From the Scottish edition of The Sunday Times comes a story of a type where you can only stand back and say, "you couldn’t make it up".
And you most certainly could not, as it concerns the expenditure of our money recycled through Brussels and dolled as part of the European Regional Development Fund out to a tiny Scottish community in the picturesque Coigach peninsula in Western Scotland.
The story is written by Reiner Luykens, a German journalist who lives in Coigach, who starts by reminding us that, six years ago, a cartoon in The Sunday Times depicted the residents of the remote community looking to the skies in wonder. It was raining banknotes.

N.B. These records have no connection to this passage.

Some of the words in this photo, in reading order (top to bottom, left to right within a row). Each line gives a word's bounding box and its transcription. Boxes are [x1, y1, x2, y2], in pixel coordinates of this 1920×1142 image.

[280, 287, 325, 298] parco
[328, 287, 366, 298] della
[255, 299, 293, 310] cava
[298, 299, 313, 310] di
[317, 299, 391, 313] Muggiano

The story alongside reported how 240 souls who live in five villages strung along a single-track road had been drowned in European money. It poked fun at a huge new community hall, an "aircraft hangar with pitched roof", which had been provided for the place.
This tiny community, continues Luykens, came to mind last week when Tony Blair’s spin doctors launched an all-out effort to depict Britain’s presidency of the EU as a complete success. The UK, they argued, had insisted that European funds have to be spent efficiently and only with good reason. Which rather implied that this was always the case in Britain, a country that receives just under £1 billion in aid from the European Regional Development Fund (ERDF).

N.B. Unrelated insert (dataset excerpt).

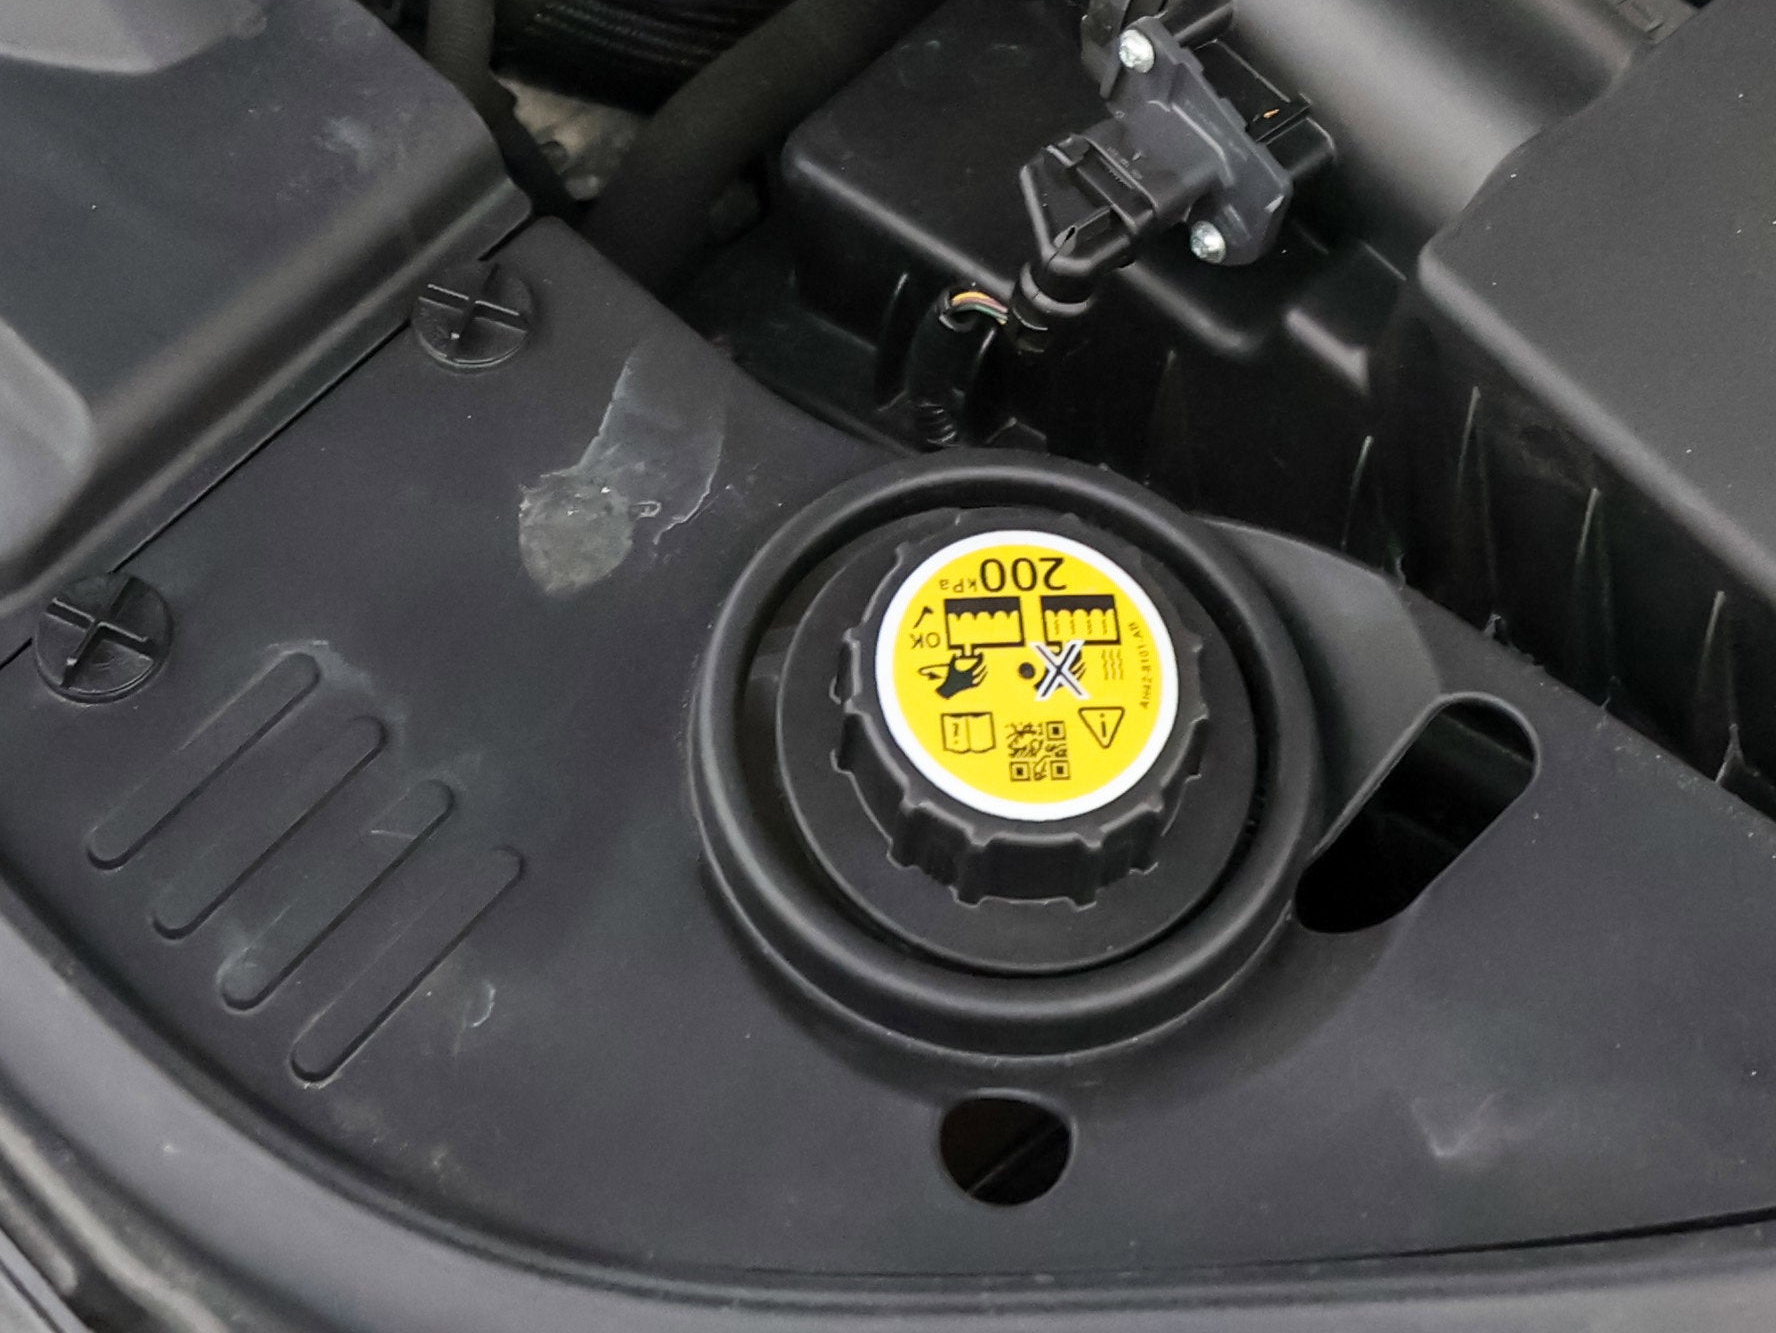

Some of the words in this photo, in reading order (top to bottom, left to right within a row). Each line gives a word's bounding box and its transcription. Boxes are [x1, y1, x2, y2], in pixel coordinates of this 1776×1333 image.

[979, 557, 1068, 593] 200
[938, 576, 978, 593] kPa
[909, 631, 941, 649] OK

I can do no better than republish verbatim, what he then writes:
Coigach shows Britain in a rather different light. Highlands and Islands Enterprise (HIE) which acts as a conduit for European monies in the region, presents this spot as a prime example of a fragile community threatened by depopulation and economic decline and so in in real need of financial aid.The next time you get a Euroluvvy tell you how well Scotland does out of the ERDF, and how necessary it is for its development, jobs and everything, just show them this posting.
The community hall was just the start of it. Five years ago, Davy Garrett had the idea to turn another, redundant hall into a piping school. He put together a business plan that foresaw 120 students in the first year of operation, drawn from all over the world for week-long courses. Each course would be priced at £300, creating a turnover of £36,000, a figure that was meant to double in the following years. Five jobs were to be created. HIE was enthusiastic and agreed to provide, together with the ERDF, most of the money.
One year and £125,000 later the Highland cultural establishment appeared for the opening ceremony. Nobody seemed to have had any doubts about the school's success — apart from a few who happen to know the piping scene well. There are already two highly reputed facilities in Glasgow — the National Piping Centre and the College of Piping — competing for students.
During the first year, 11 pipers turned up, most for just one or two hours’ tuition. The turnover reached £570. The second year was more promising: 79 students showed up. A delegation of the ERDF visited the facility and wrote a largely positive report. In 2004 however, student numbers dropped to 33. Last year's turnover was just £3,300.
Garrett has to put up with a lot of mockery in the village. Economically, though, his failure doesn’t really affect the place. Coigach is anything but a fragile community. The population is younger than the Highland average and grew by more than 3% between 1991 and 2001. Unemployment is low, car ownership is high, house prices have risen sharply. An overnight stay in the local hotel (whose restaurant has a Michelin star) costs nearly £100.
In 2003 HIE lavished more money over Coigach, this time for broadband internet access via a wireless satellite-fed connection. HIE and the ERDF launched a company, Hi-Wide, to supply at first five communities, Coigach among them, and later 50 areas with the technology in a £2.6m scheme.
It was unfortunate that BT announced just two months later that virtually every house would soon be able to receive broadband for the usual subscription fees. Hi-Wide adjusted some of their plans accordingly, but this did not stop the subsidy machinery: a first instalment of £800,000 had been approved and that was that. Hi-Wide hired subcontractors to carry out the work.
But at the northern end of Coigach, some houses fitted with the new technology didn’t benefit. The signals got lost in the hilly terrain. Meanwhile, broadband has reached the peninsula via the telephone — and it works.
British critics have been quick to criticise the grand scale of EU waste: the Italians who abused the common agricultural policy with fraudulent claims for the number of olive trees they grew; the Austrian farmers who inflated the size of their pastures eligible for subsidy by 60 percent; the £670m lavished on the Brussels parliament itself. But where do you look for our much-vaunted financial good sense for a point of comparison? Not in sleepy Coigach, that's for sure.